From:nozier@tradewind.net

Posted at 11:29 a.m. EST Monday, March 27, 2000 
 Haitian activist: Dorismond funeral violence a warning signal

 PORT-AU-PRINCE, Haiti -- (AP) -- The rift between New York City's black
 community and its police force is widening dangerously, a Haitian human
rights activist said Monday after violence broke out at the funeral of
Haitian-American Patrick Dorismond in New York. ``The United States is
supposed to be a human rights model, and now it is setting a bad
example. Frustration against racism is growing, and the situation can
 degenerate,'' said Pierre Esperance, director in Haiti of the National
Coalition for Haitian Rights. New York police officers shot and killed
Dorismond, the son of renowned Haitian singer Andre Dorismond, during a
scuffle outside a Manhattan bar March 16. Dorismond was unarmed.

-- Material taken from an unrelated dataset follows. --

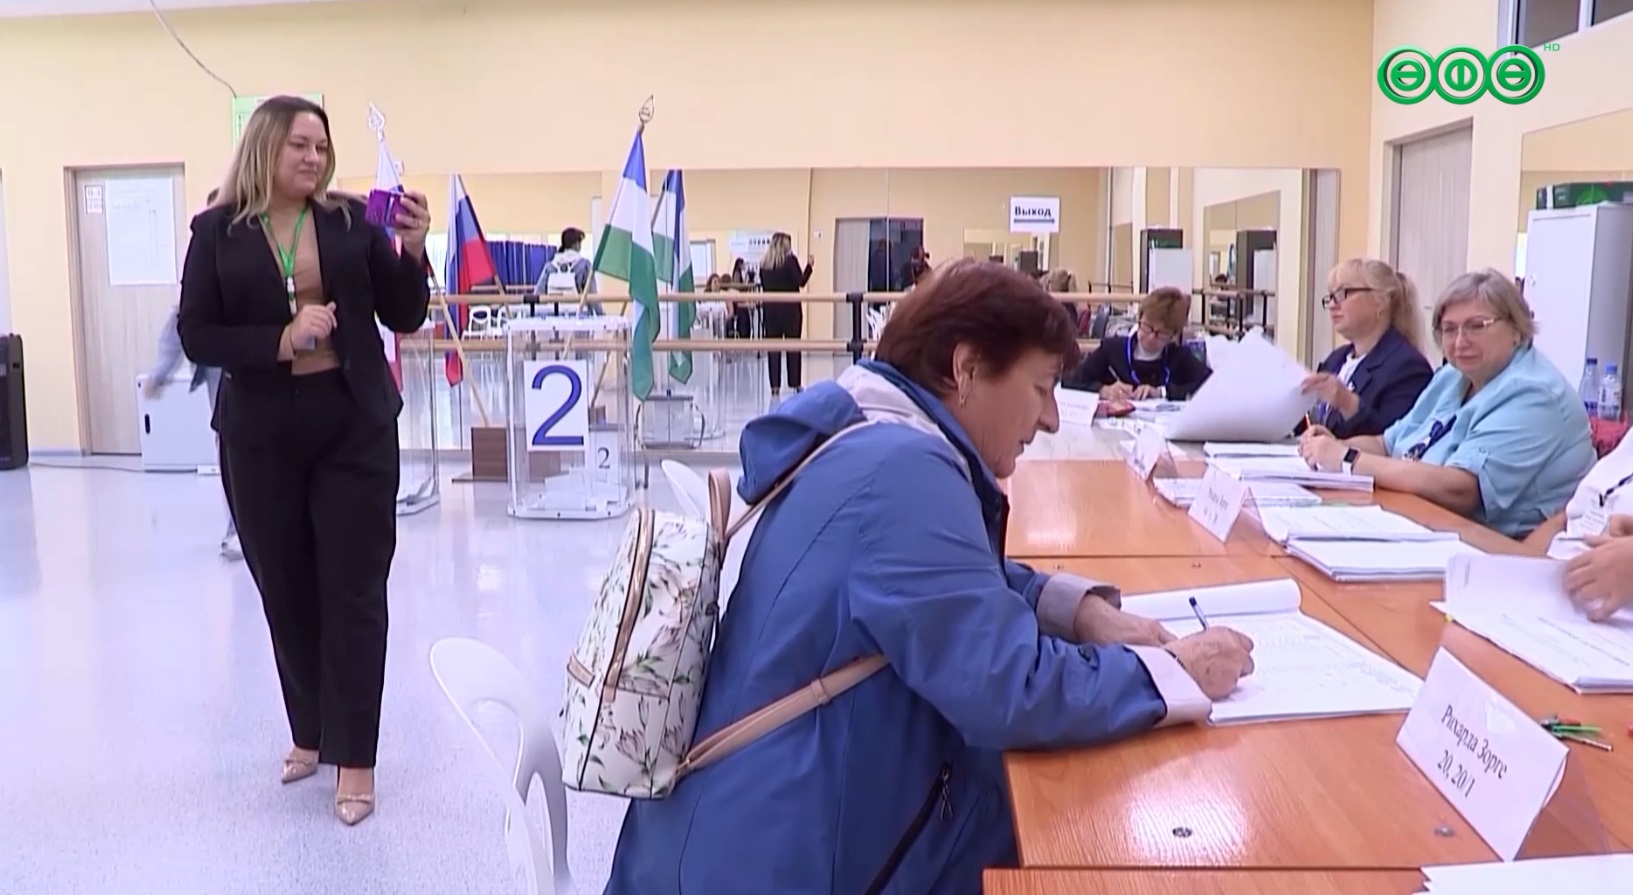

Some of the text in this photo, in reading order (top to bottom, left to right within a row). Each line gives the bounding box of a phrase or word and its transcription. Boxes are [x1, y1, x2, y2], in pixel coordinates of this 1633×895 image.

 On Saturday, following a funeral service for Dorismond in Brooklyn,
police clashed with bottle-throwing mourners at a protest march.
Twenty-three officers were injured and 27 civilians arrested. Those
arrested were arraigned Sunday and most were released on their own
recognizance. New York Mayor Rudolph Giuliani blamed marchers for the
violence. Critics faulted him for not extending his condolences to the
Dorismond family. ``In the past three years, New York police brutality
against blacks in general has intensified,'' said Esperance, who added
that Haitians were not being singled out for mistreatment. ``Prejudice
against Third World immigrants is unjustifiable. They have contributed
 to U.S. economic prosperity just like native-born Americans,'' he said.
 As many as 2 million people of Haitian origin live in the United
States, with an estimated 800,000 in the state of New York.
 There has been little public reaction to the Dorismond killing in
Haiti, where growing economic difficulties and pre-election turbulence
almost totally absorb the mass media. Esperance did cite the cases of
Haitian-American Abner Louima and Guinean Amadou Diallo. Louima was
brutalized 2 1/2 years ago in a Brooklyn police station. Two officers
were subsequently convicted. In 1999, four police officers shot Diallo
41 times. They were acquitted last month.